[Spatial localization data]
+ + + + +

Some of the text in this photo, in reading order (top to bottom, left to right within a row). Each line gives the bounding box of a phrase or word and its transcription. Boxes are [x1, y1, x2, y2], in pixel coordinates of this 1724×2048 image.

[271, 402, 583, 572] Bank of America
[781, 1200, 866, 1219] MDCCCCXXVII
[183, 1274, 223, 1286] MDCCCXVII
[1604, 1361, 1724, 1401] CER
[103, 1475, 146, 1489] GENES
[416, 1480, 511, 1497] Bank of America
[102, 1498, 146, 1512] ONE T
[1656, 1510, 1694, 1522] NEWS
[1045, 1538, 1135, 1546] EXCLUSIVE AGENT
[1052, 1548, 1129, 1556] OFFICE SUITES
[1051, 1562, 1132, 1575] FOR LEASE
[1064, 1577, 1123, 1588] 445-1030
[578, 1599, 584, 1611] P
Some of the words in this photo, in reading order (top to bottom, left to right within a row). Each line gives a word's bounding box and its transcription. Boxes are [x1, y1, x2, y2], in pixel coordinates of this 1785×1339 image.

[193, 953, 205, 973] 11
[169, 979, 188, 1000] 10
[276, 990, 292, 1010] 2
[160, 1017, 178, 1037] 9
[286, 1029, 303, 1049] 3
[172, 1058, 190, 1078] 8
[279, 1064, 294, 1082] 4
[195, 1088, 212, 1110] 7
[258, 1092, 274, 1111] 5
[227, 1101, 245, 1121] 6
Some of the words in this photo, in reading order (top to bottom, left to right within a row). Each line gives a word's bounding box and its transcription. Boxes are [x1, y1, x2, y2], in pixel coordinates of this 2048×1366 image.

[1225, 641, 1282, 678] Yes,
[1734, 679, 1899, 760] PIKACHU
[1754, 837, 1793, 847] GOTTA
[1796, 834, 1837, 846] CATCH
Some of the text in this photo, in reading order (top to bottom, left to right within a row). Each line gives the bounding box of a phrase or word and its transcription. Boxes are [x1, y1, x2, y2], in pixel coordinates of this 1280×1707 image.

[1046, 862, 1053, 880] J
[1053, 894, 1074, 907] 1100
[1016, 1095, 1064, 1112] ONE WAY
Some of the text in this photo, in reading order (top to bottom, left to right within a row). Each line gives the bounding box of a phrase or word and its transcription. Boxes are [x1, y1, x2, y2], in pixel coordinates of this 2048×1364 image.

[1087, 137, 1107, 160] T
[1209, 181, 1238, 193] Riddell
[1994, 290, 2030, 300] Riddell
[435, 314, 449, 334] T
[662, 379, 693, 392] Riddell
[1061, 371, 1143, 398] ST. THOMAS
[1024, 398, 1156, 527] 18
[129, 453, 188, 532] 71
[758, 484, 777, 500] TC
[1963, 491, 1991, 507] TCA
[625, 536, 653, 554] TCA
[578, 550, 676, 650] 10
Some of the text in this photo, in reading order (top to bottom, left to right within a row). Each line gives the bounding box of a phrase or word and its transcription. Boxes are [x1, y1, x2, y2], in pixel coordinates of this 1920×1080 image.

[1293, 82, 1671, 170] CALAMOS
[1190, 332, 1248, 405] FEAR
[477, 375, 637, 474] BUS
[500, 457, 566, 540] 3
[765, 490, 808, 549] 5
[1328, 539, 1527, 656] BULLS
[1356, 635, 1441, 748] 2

+ + + + +

__WHAT THIS TASK INVOLVES__
All the records above are to be reproduced exactly.

__RESULT FOR THIS EXERCISE__
Some of the text in this photo, in reading order (top to bottom, left to right within a row). Each line gives the bounding box of a phrase or word and its transcription. Boxes are [x1, y1, x2, y2], in pixel coordinates of this 1724×2048 image.

[271, 402, 583, 572] Bank of America
[781, 1200, 866, 1219] MDCCCCXXVII
[183, 1274, 223, 1286] MDCCCXVII
[1604, 1361, 1724, 1401] CER
[103, 1475, 146, 1489] GENES
[416, 1480, 511, 1497] Bank of America
[102, 1498, 146, 1512] ONE T
[1656, 1510, 1694, 1522] NEWS
[1045, 1538, 1135, 1546] EXCLUSIVE AGENT
[1052, 1548, 1129, 1556] OFFICE SUITES
[1051, 1562, 1132, 1575] FOR LEASE
[1064, 1577, 1123, 1588] 445-1030
[578, 1599, 584, 1611] P
Some of the words in this photo, in reading order (top to bottom, left to right within a row). Each line gives a word's bounding box and its transcription. Boxes are [x1, y1, x2, y2], in pixel coordinates of this 1785×1339 image.

[193, 953, 205, 973] 11
[169, 979, 188, 1000] 10
[276, 990, 292, 1010] 2
[160, 1017, 178, 1037] 9
[286, 1029, 303, 1049] 3
[172, 1058, 190, 1078] 8
[279, 1064, 294, 1082] 4
[195, 1088, 212, 1110] 7
[258, 1092, 274, 1111] 5
[227, 1101, 245, 1121] 6
Some of the words in this photo, in reading order (top to bottom, left to right within a row). Each line gives a word's bounding box and its transcription. Boxes are [x1, y1, x2, y2], in pixel coordinates of this 2048×1366 image.

[1225, 641, 1282, 678] Yes,
[1734, 679, 1899, 760] PIKACHU
[1754, 837, 1793, 847] GOTTA
[1796, 834, 1837, 846] CATCH
Some of the text in this photo, in reading order (top to bottom, left to right within a row). Each line gives the bounding box of a phrase or word and its transcription. Boxes are [x1, y1, x2, y2], in pixel coordinates of this 1280×1707 image.

[1046, 862, 1053, 880] J
[1053, 894, 1074, 907] 1100
[1016, 1095, 1064, 1112] ONE WAY
Some of the text in this photo, in reading order (top to bottom, left to right within a row). Each line gives the bounding box of a phrase or word and its transcription. Boxes are [x1, y1, x2, y2], in pixel coordinates of this 2048×1364 image.

[1087, 137, 1107, 160] T
[1209, 181, 1238, 193] Riddell
[1994, 290, 2030, 300] Riddell
[435, 314, 449, 334] T
[662, 379, 693, 392] Riddell
[1061, 371, 1143, 398] ST. THOMAS
[1024, 398, 1156, 527] 18
[129, 453, 188, 532] 71
[758, 484, 777, 500] TC
[1963, 491, 1991, 507] TCA
[625, 536, 653, 554] TCA
[578, 550, 676, 650] 10
Some of the text in this photo, in reading order (top to bottom, left to right within a row). Each line gives the bounding box of a phrase or word and its transcription. Boxes are [x1, y1, x2, y2], in pixel coordinates of this 1920×1080 image.

[1293, 82, 1671, 170] CALAMOS
[1190, 332, 1248, 405] FEAR
[477, 375, 637, 474] BUS
[500, 457, 566, 540] 3
[765, 490, 808, 549] 5
[1328, 539, 1527, 656] BULLS
[1356, 635, 1441, 748] 2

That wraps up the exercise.